## Collected data
BEGIN
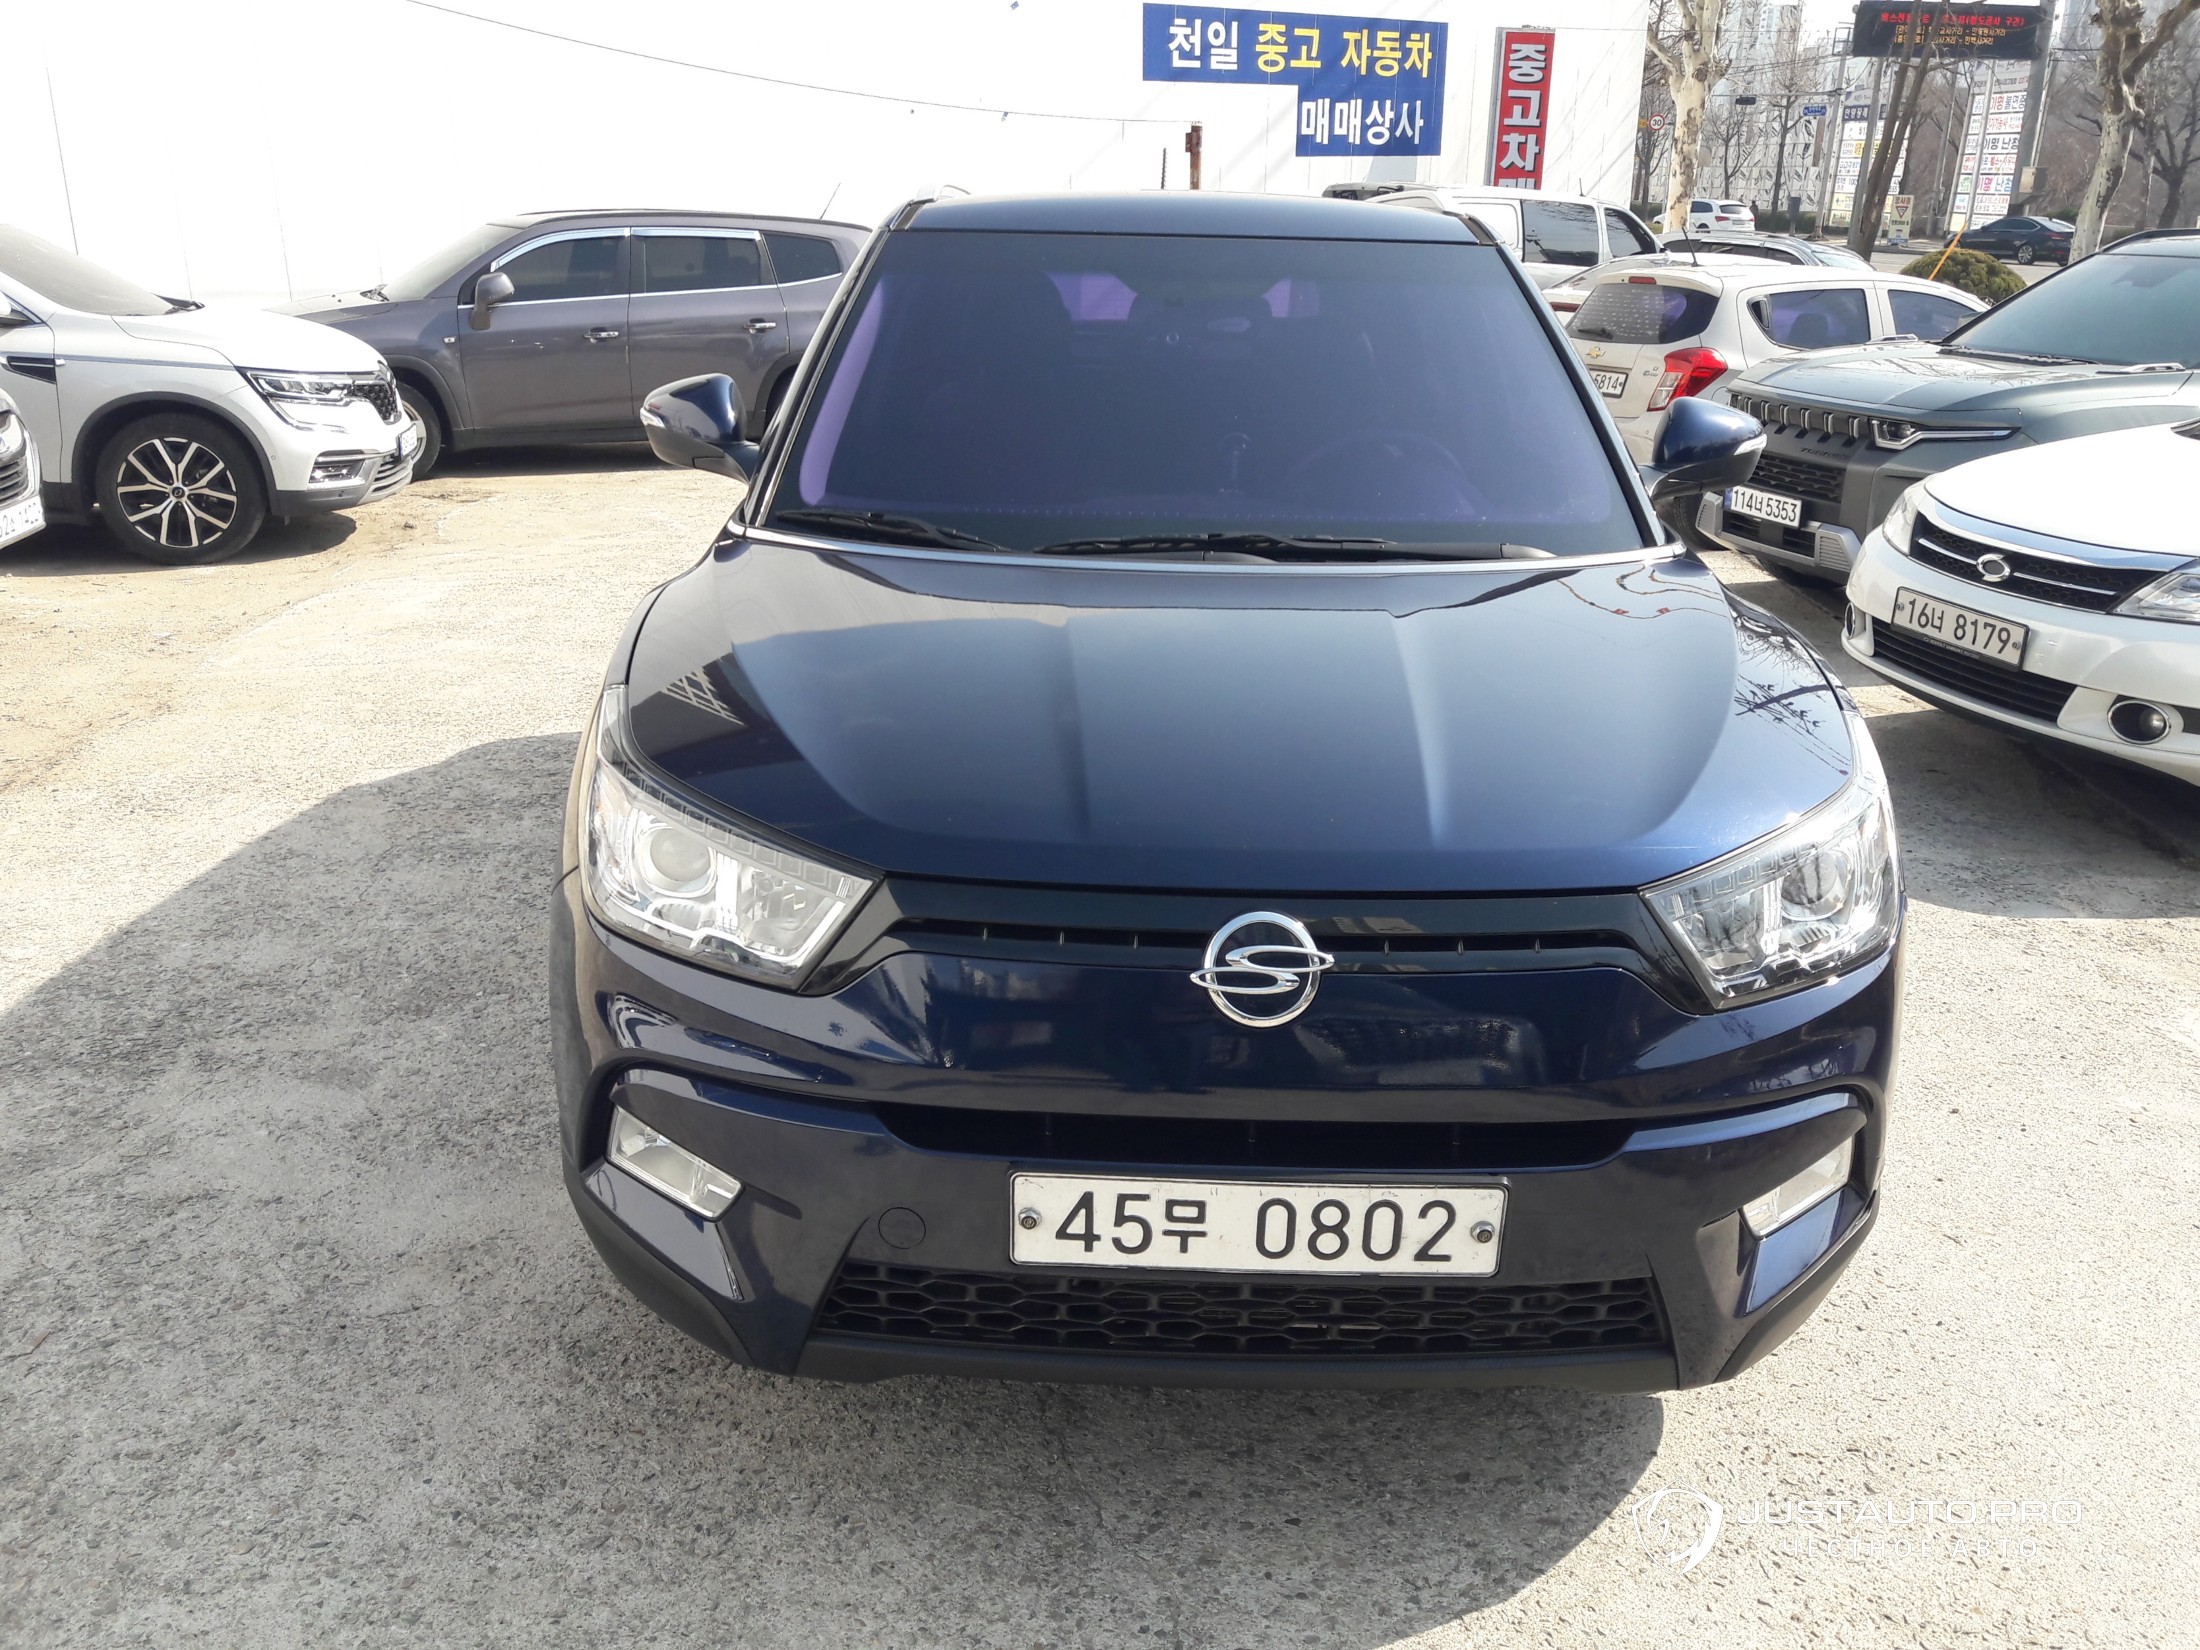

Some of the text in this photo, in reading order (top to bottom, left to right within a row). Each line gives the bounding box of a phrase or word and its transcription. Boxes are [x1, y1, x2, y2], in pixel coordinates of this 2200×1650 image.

[1168, 18, 1433, 79] 천일 중고 자동차
[1301, 98, 1424, 145] 매매상사
[1734, 488, 1797, 522] 114너 5353
[1908, 598, 1944, 633] 16너
[1953, 613, 2011, 655] 8179
[1055, 1190, 1457, 1263] 45무 0802
END
## EXERCISE DESCRIPTION
Exactly as they stand, set down all of the entries above, minus every picture.

## FINISHED EXERCISE
Some of the text in this photo, in reading order (top to bottom, left to right within a row). Each line gives the bounding box of a phrase or word and its transcription. Boxes are [x1, y1, x2, y2], in pixel coordinates of this 2200×1650 image.

[1168, 18, 1433, 79] 천일 중고 자동차
[1301, 98, 1424, 145] 매매상사
[1734, 488, 1797, 522] 114너 5353
[1908, 598, 1944, 633] 16너
[1953, 613, 2011, 655] 8179
[1055, 1190, 1457, 1263] 45무 0802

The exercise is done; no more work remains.